What to do -
Please copy all of the data that follows exactly, leaving any pictures out.

[Stored data entries]
_ _ _ _ _ _ _
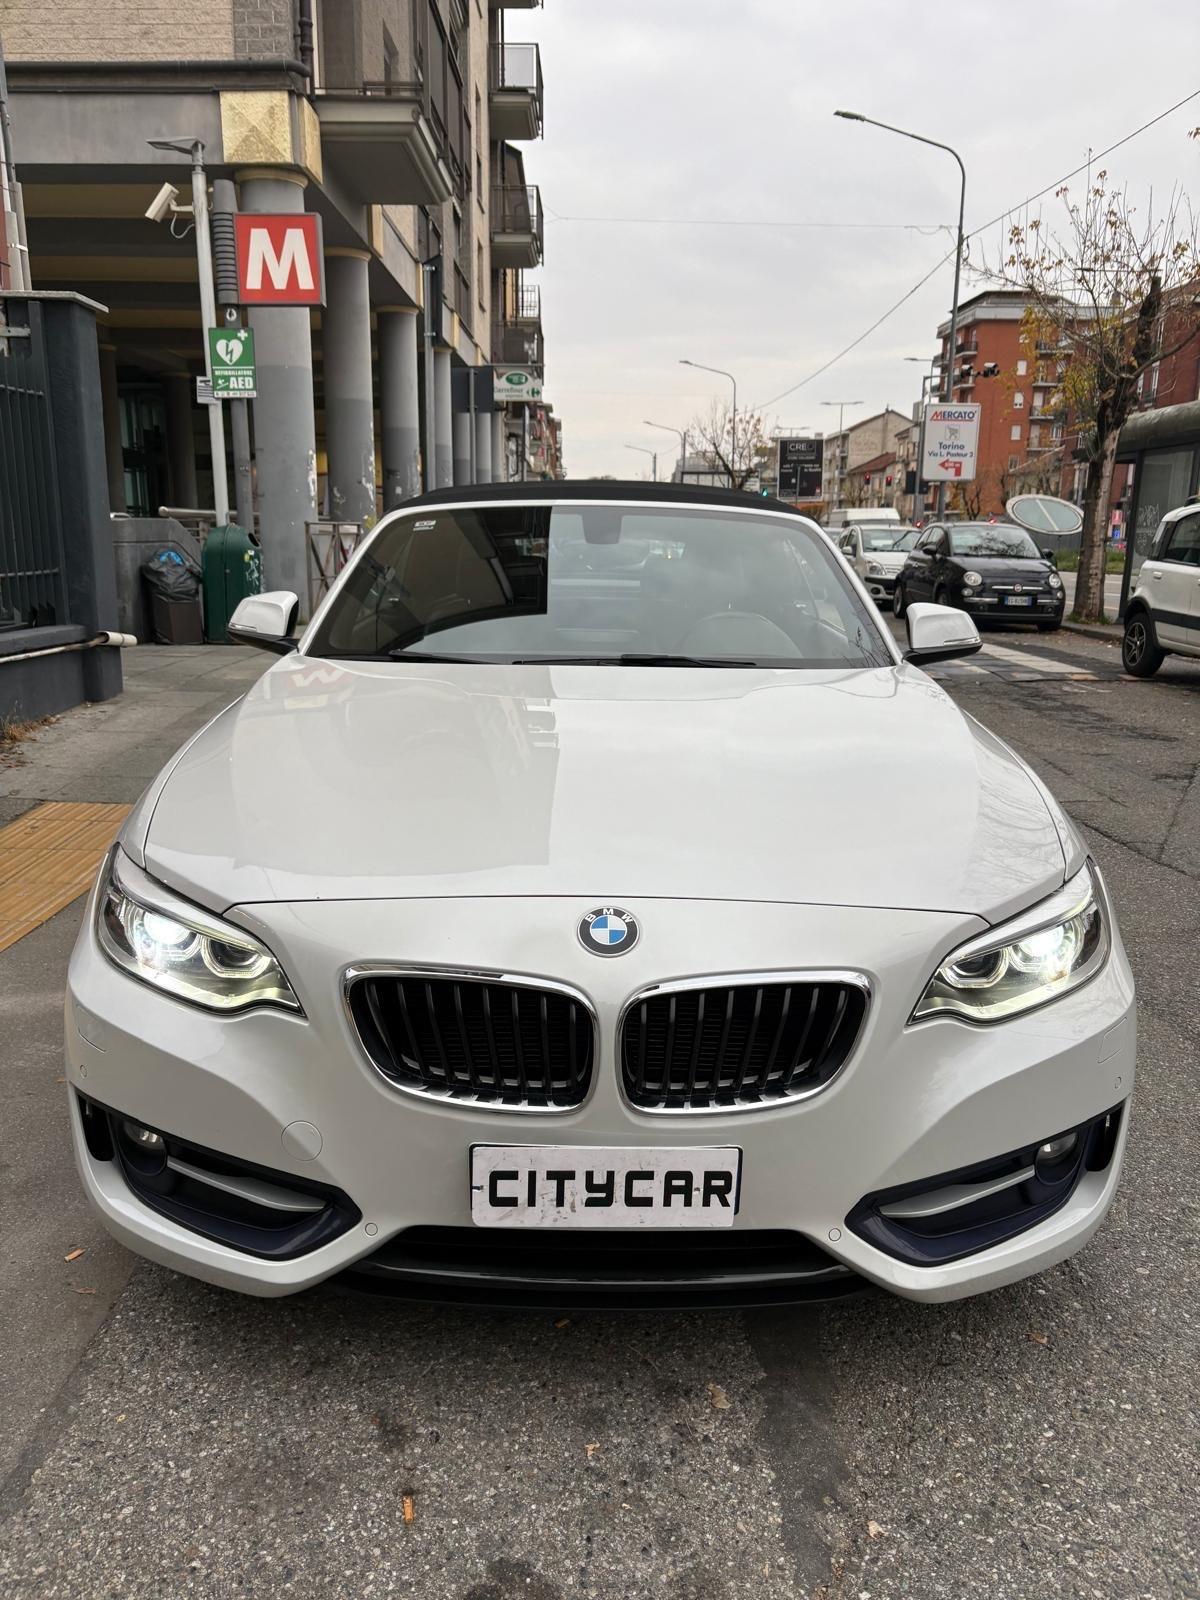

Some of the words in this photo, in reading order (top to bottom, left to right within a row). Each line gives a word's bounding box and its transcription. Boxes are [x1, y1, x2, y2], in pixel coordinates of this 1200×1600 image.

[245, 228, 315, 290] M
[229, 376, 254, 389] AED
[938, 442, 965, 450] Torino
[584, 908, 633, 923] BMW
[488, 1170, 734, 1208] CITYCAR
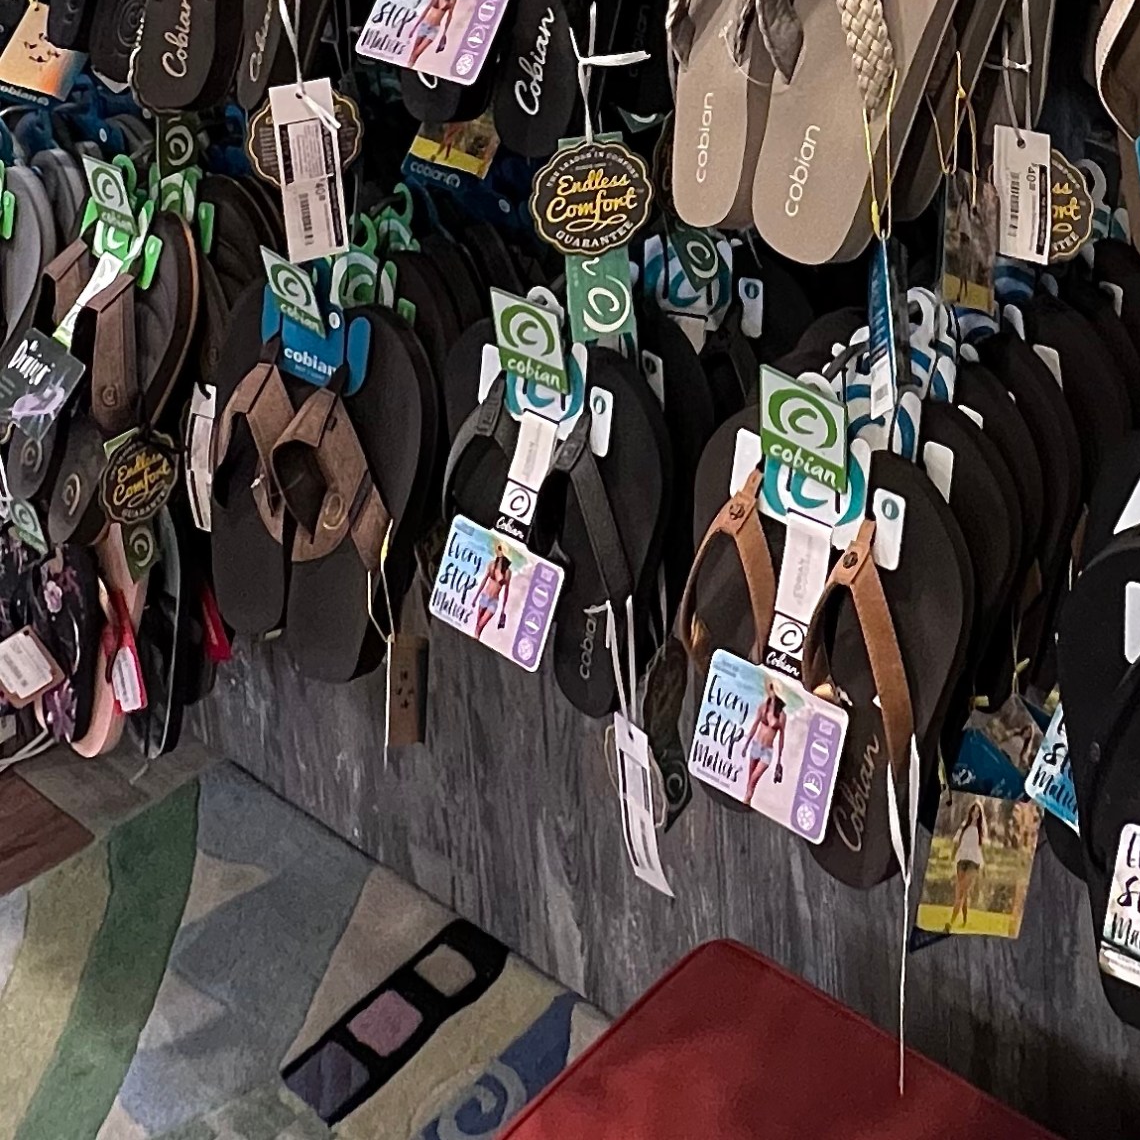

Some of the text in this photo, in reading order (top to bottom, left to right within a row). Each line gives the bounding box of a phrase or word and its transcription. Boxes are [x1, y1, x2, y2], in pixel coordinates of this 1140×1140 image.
_ _ _ _ _ _ _
Written response -
Some of the words in this photo, in reading order (top to bottom, left to right within a row). Each line gives a word's bounding box and its transcription. Boxes are [x1, y1, x2, y2], in pixel coordinates of this 1200×1600 image.

[245, 228, 315, 290] M
[229, 376, 254, 389] AED
[938, 442, 965, 450] Torino
[584, 908, 633, 923] BMW
[488, 1170, 734, 1208] CITYCAR

Some of the text in this photo, in reading order (top to bottom, left to right within a row). Each line gives the bounding box of a phrase or word and its transcription. Boxes are [x1, y1, x2, y2], in pixel coordinates of this 1140×1140 image.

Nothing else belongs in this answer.